[SUPPLIED MATERIAL — start]

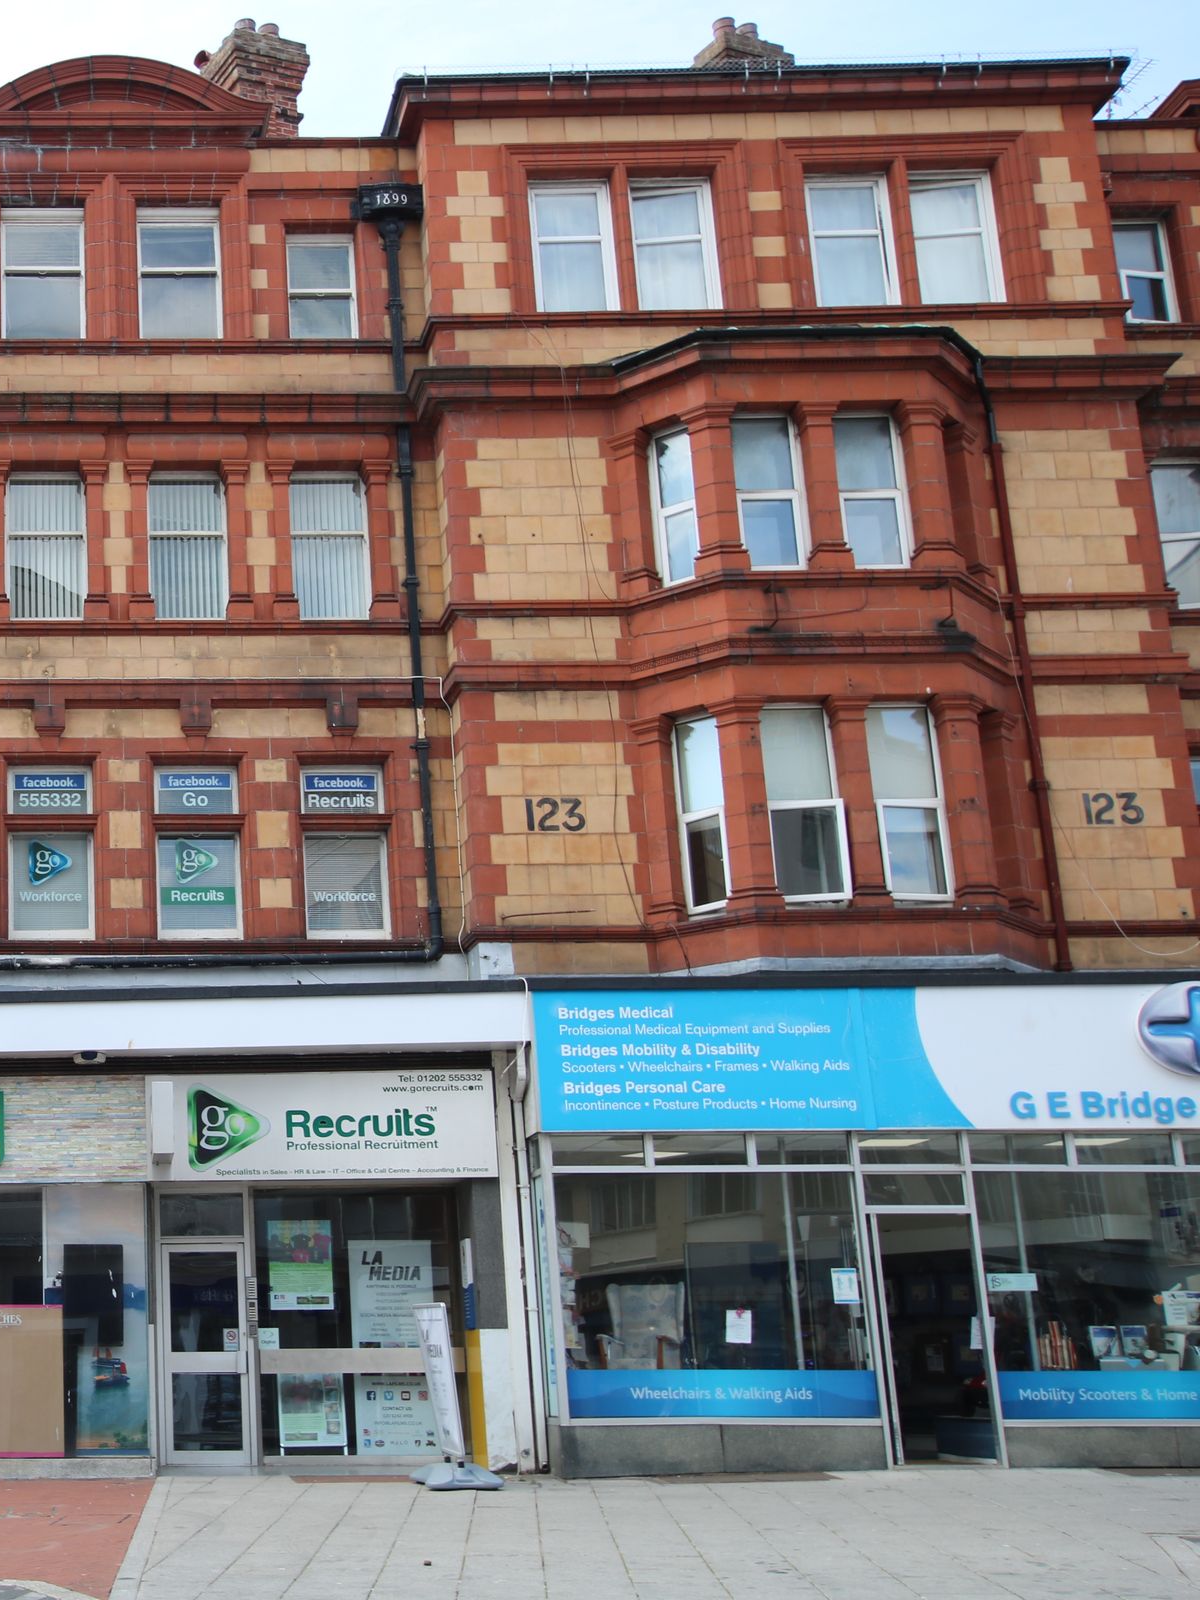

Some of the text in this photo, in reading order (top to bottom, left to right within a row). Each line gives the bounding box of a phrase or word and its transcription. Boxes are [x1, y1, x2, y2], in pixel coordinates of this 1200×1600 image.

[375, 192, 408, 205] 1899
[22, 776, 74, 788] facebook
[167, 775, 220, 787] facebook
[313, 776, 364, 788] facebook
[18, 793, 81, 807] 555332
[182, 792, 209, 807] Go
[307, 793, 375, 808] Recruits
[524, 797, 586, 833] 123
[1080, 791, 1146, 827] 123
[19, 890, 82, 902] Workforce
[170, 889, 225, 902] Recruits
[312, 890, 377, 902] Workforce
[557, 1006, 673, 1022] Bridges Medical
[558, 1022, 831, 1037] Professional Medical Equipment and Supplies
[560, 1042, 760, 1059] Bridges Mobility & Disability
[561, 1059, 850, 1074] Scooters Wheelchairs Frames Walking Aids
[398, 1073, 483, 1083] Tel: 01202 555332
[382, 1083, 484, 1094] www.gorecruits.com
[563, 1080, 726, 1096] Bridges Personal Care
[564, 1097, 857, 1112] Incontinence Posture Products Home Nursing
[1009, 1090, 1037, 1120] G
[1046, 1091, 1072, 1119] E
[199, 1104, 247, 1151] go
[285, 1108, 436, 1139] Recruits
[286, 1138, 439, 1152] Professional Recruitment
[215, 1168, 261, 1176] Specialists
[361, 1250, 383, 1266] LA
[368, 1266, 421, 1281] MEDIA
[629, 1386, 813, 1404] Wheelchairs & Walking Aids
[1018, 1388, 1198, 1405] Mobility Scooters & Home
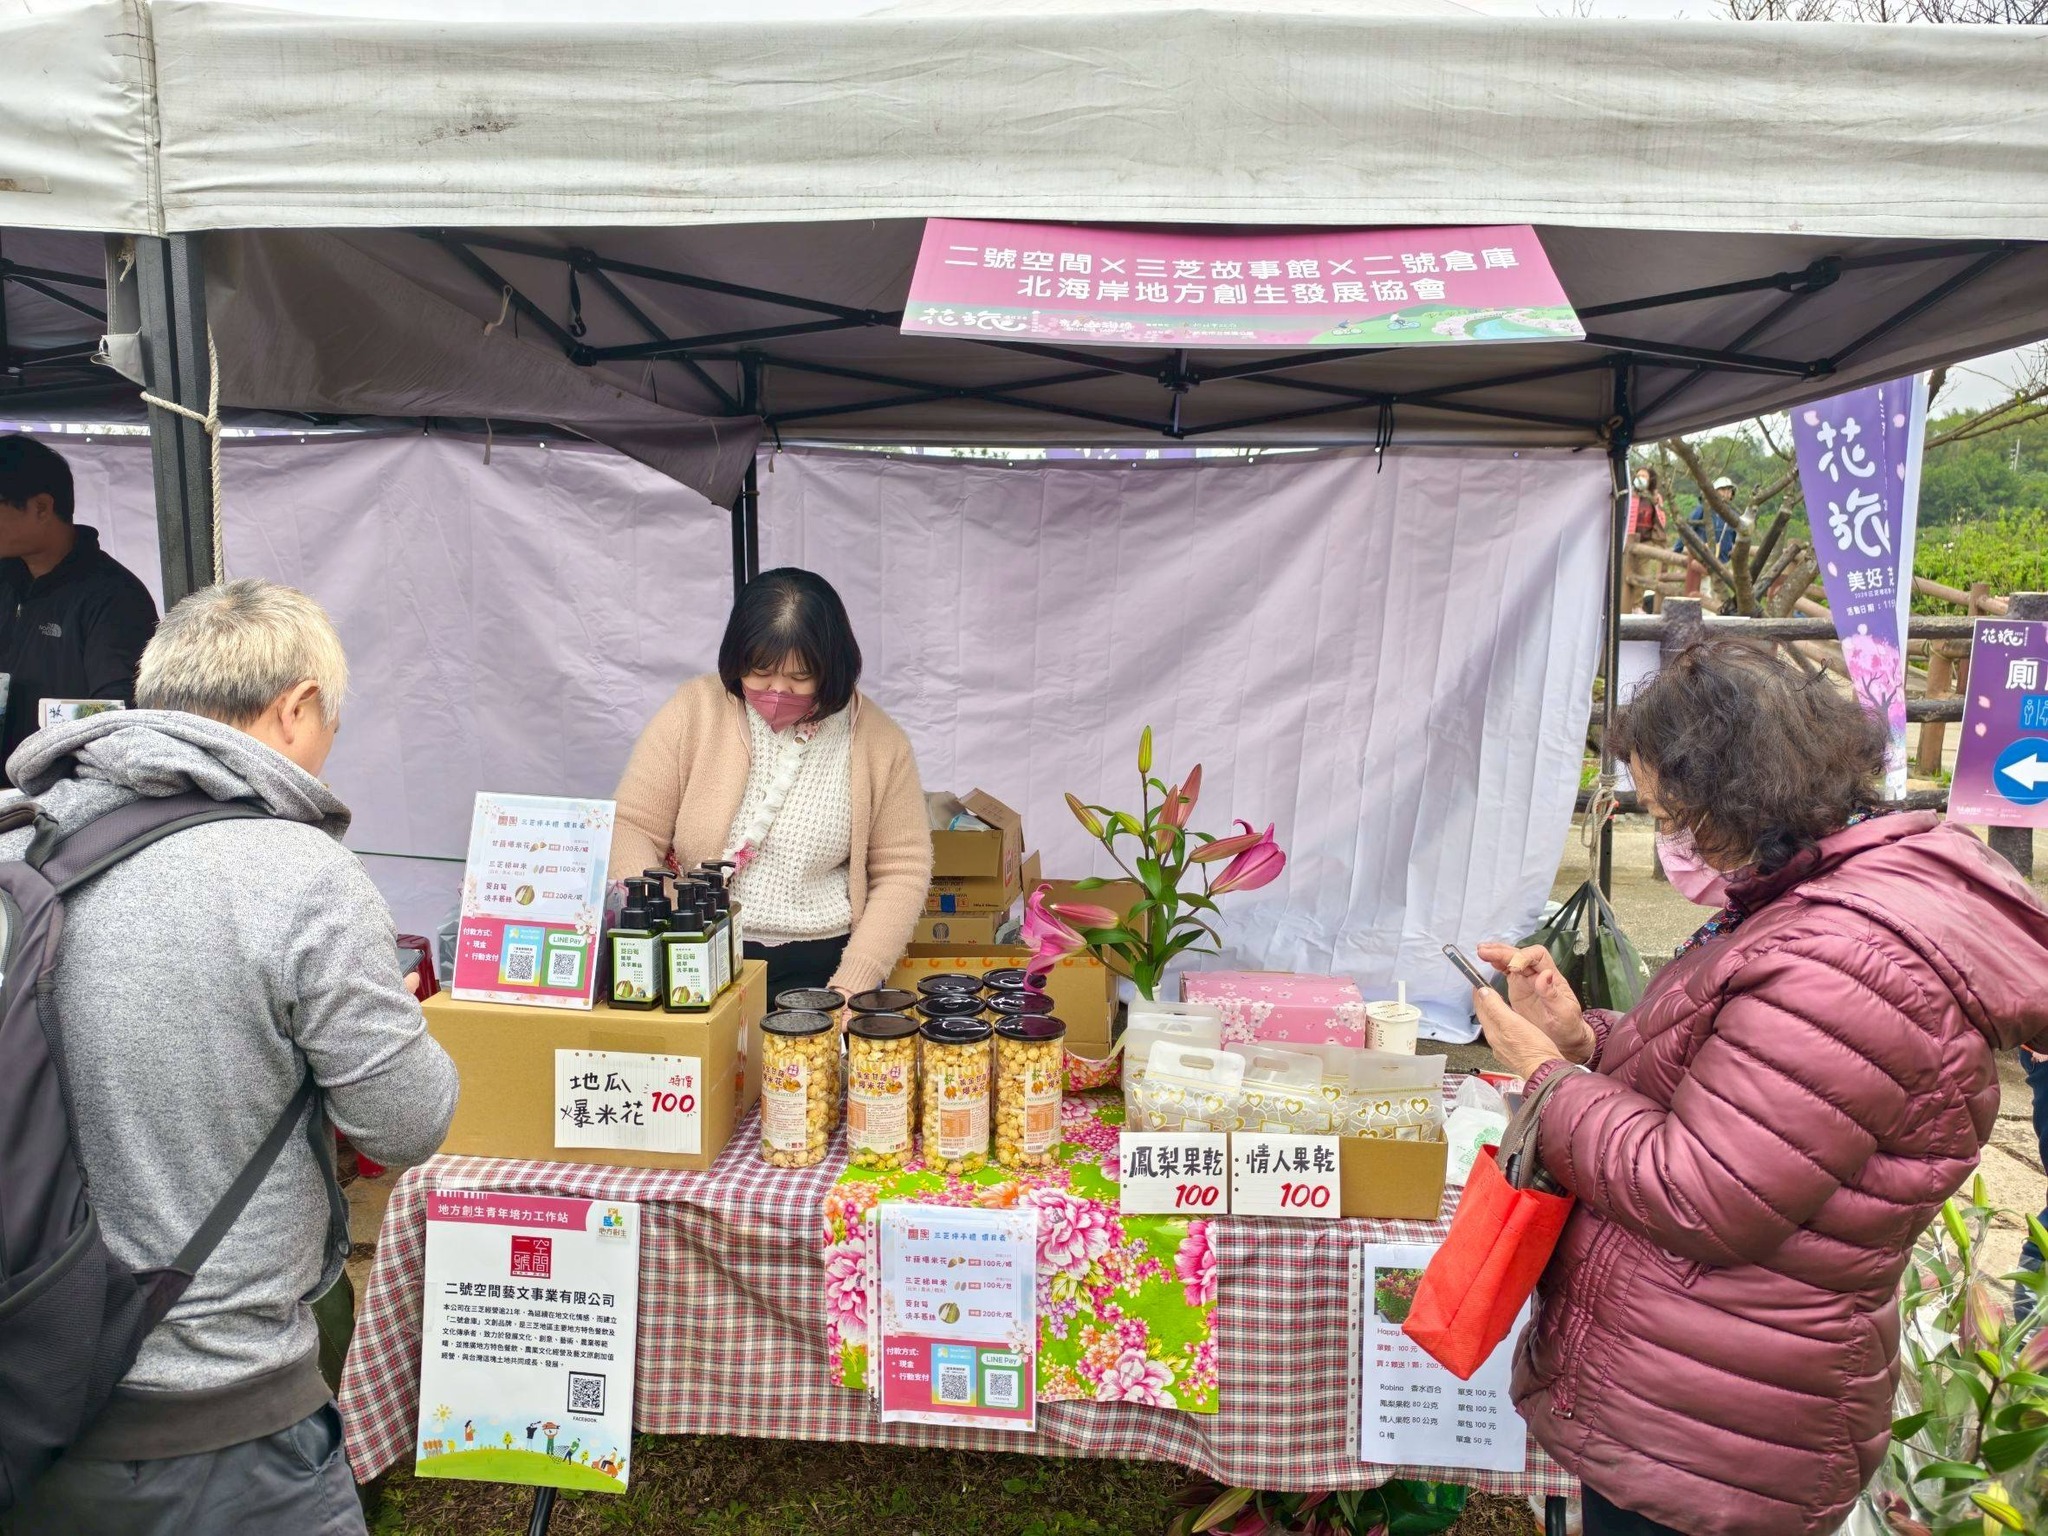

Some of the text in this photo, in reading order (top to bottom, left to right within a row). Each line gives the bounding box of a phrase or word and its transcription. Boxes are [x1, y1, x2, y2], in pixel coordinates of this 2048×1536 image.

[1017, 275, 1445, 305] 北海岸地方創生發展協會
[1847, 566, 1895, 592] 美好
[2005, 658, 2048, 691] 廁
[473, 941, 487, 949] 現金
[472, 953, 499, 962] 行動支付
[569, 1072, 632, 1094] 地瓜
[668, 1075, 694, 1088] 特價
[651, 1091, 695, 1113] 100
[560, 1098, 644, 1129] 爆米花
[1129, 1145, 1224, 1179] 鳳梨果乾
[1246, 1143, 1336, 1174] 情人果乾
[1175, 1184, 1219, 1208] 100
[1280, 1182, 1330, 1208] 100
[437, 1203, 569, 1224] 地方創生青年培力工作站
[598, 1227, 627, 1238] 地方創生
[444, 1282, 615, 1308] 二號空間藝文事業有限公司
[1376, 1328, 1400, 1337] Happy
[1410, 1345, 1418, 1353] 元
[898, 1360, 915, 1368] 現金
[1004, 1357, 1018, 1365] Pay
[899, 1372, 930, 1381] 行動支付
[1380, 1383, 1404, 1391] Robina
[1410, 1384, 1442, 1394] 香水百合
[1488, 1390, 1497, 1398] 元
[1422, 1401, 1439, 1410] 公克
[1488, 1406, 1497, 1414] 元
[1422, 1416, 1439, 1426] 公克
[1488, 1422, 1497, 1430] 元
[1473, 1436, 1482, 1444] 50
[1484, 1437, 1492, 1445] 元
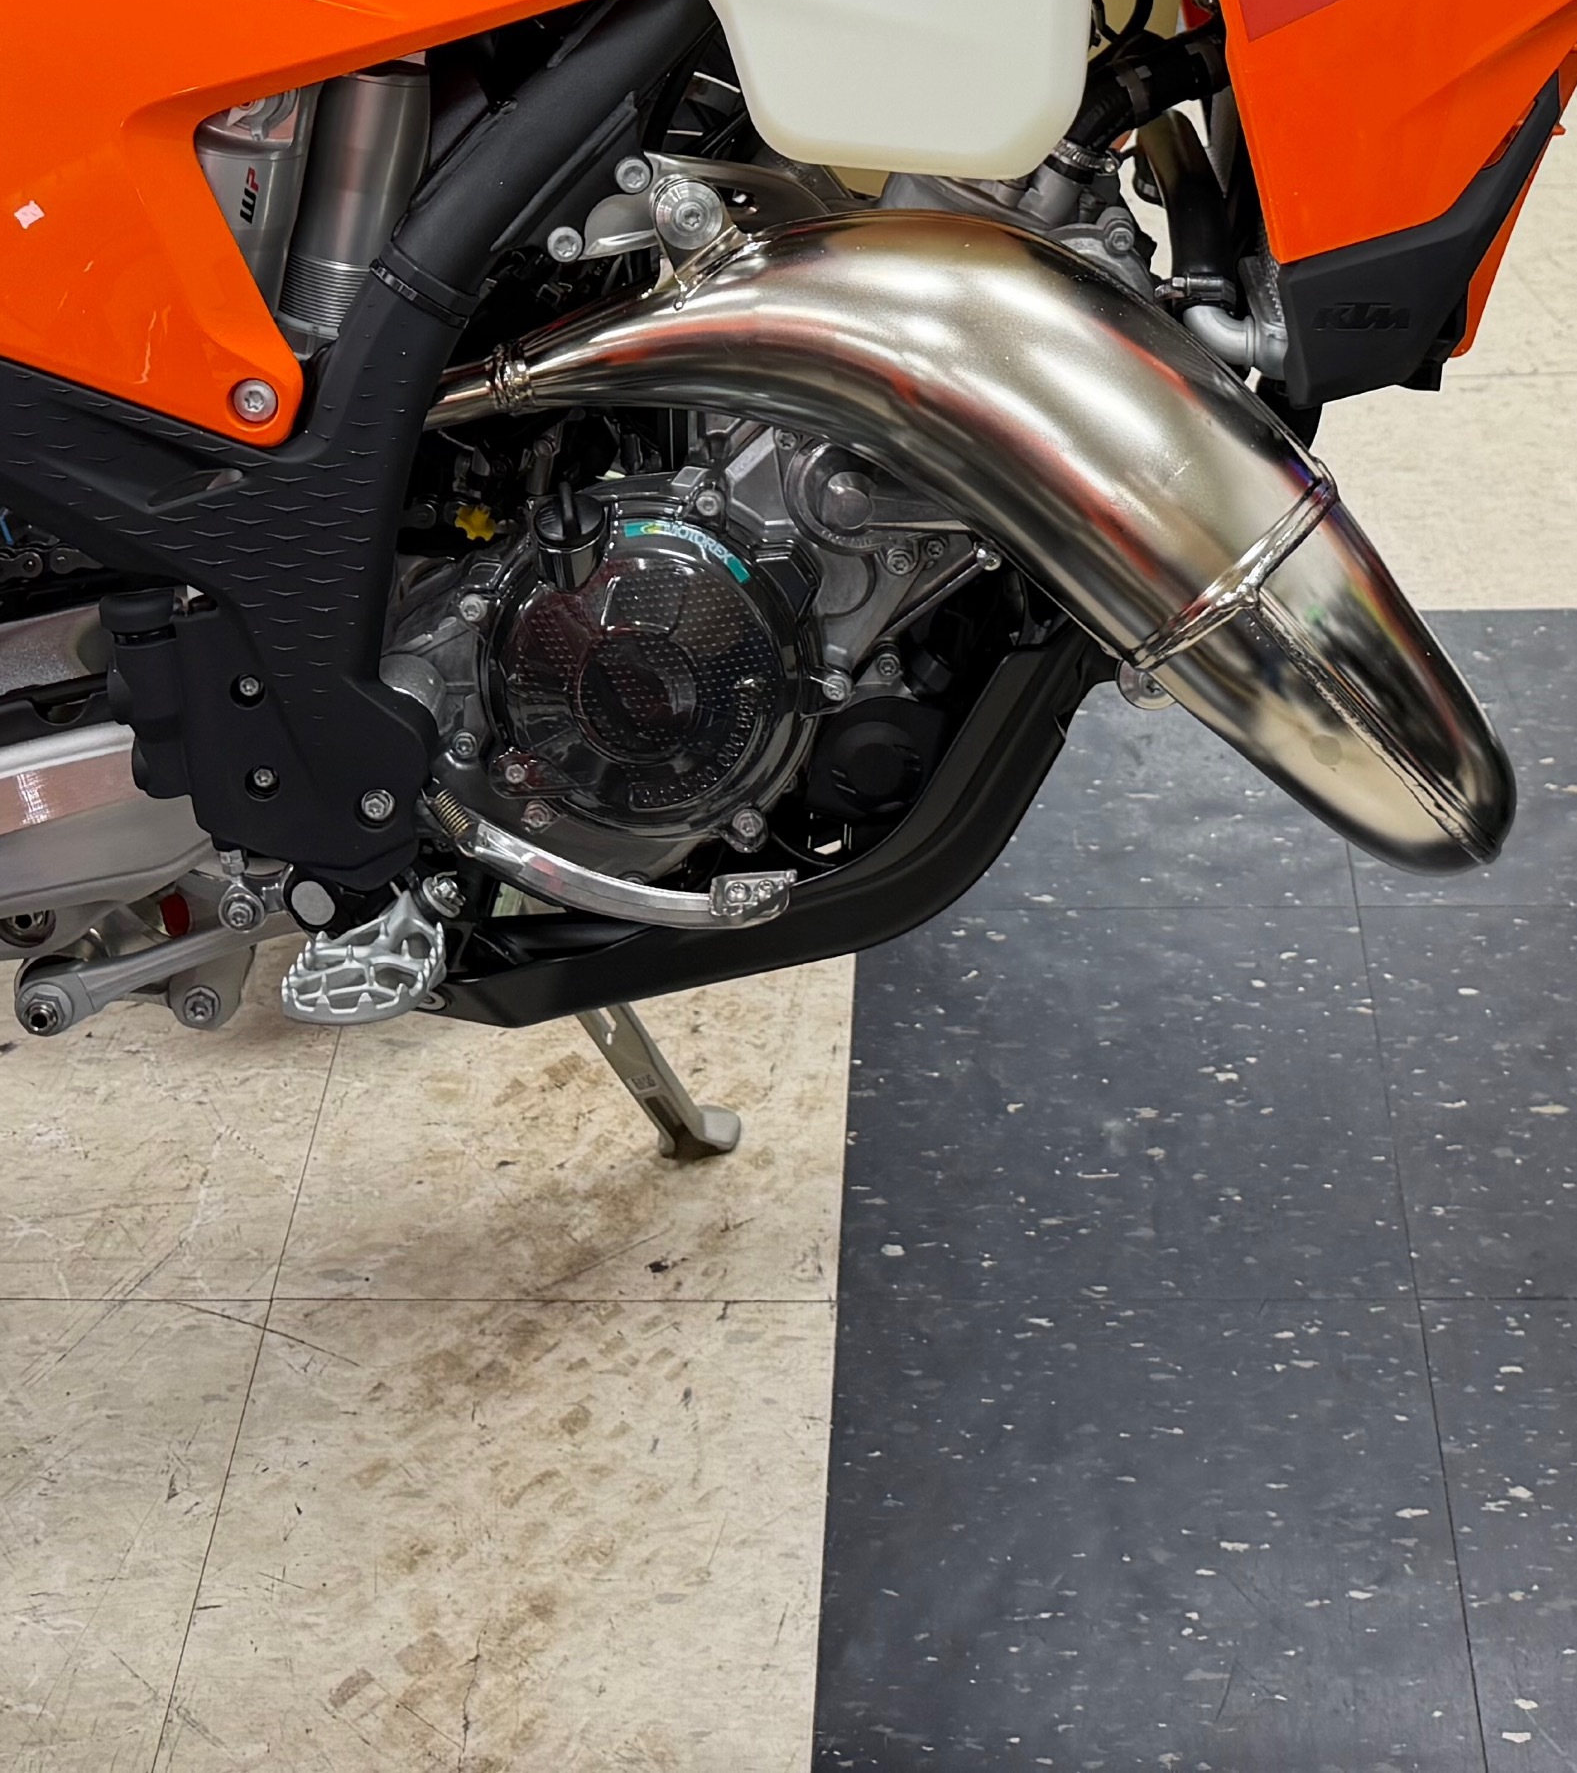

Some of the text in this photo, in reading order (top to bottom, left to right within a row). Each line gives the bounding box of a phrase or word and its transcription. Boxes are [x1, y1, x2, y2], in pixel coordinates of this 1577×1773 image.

[SUPPLIED MATERIAL — finish]

● **TASK ITEM**
Could the material above be given again in full and exactly, with its pictures left out?

● **SOLVED EXERCISE**
Some of the text in this photo, in reading order (top to bottom, left to right within a row). Each line gives the bounding box of a phrase or word and its transcription. Boxes are [x1, y1, x2, y2], in pixel coordinates of this 1200×1600 image.

[375, 192, 408, 205] 1899
[22, 776, 74, 788] facebook
[167, 775, 220, 787] facebook
[313, 776, 364, 788] facebook
[18, 793, 81, 807] 555332
[182, 792, 209, 807] Go
[307, 793, 375, 808] Recruits
[524, 797, 586, 833] 123
[1080, 791, 1146, 827] 123
[19, 890, 82, 902] Workforce
[170, 889, 225, 902] Recruits
[312, 890, 377, 902] Workforce
[557, 1006, 673, 1022] Bridges Medical
[558, 1022, 831, 1037] Professional Medical Equipment and Supplies
[560, 1042, 760, 1059] Bridges Mobility & Disability
[561, 1059, 850, 1074] Scooters Wheelchairs Frames Walking Aids
[398, 1073, 483, 1083] Tel: 01202 555332
[382, 1083, 484, 1094] www.gorecruits.com
[563, 1080, 726, 1096] Bridges Personal Care
[564, 1097, 857, 1112] Incontinence Posture Products Home Nursing
[1009, 1090, 1037, 1120] G
[1046, 1091, 1072, 1119] E
[199, 1104, 247, 1151] go
[285, 1108, 436, 1139] Recruits
[286, 1138, 439, 1152] Professional Recruitment
[215, 1168, 261, 1176] Specialists
[361, 1250, 383, 1266] LA
[368, 1266, 421, 1281] MEDIA
[629, 1386, 813, 1404] Wheelchairs & Walking Aids
[1018, 1388, 1198, 1405] Mobility Scooters & Home

Some of the text in this photo, in reading order (top to bottom, left to right within a row). Each line gives the bounding box of a phrase or word and its transcription. Boxes are [x1, y1, x2, y2], in pixel coordinates of this 2048×1536 image.

[1017, 275, 1445, 305] 北海岸地方創生發展協會
[1847, 566, 1895, 592] 美好
[2005, 658, 2048, 691] 廁
[473, 941, 487, 949] 現金
[472, 953, 499, 962] 行動支付
[569, 1072, 632, 1094] 地瓜
[668, 1075, 694, 1088] 特價
[651, 1091, 695, 1113] 100
[560, 1098, 644, 1129] 爆米花
[1129, 1145, 1224, 1179] 鳳梨果乾
[1246, 1143, 1336, 1174] 情人果乾
[1175, 1184, 1219, 1208] 100
[1280, 1182, 1330, 1208] 100
[437, 1203, 569, 1224] 地方創生青年培力工作站
[598, 1227, 627, 1238] 地方創生
[444, 1282, 615, 1308] 二號空間藝文事業有限公司
[1376, 1328, 1400, 1337] Happy
[1410, 1345, 1418, 1353] 元
[898, 1360, 915, 1368] 現金
[1004, 1357, 1018, 1365] Pay
[899, 1372, 930, 1381] 行動支付
[1380, 1383, 1404, 1391] Robina
[1410, 1384, 1442, 1394] 香水百合
[1488, 1390, 1497, 1398] 元
[1422, 1401, 1439, 1410] 公克
[1488, 1406, 1497, 1414] 元
[1422, 1416, 1439, 1426] 公克
[1488, 1422, 1497, 1430] 元
[1473, 1436, 1482, 1444] 50
[1484, 1437, 1492, 1445] 元

Some of the text in this photo, in reading order (top to bottom, left to right within a row). Each line gives the bounding box of a phrase or word and its transcription. Boxes are [x1, y1, x2, y2], in pixel coordinates of this 1577×1773 image.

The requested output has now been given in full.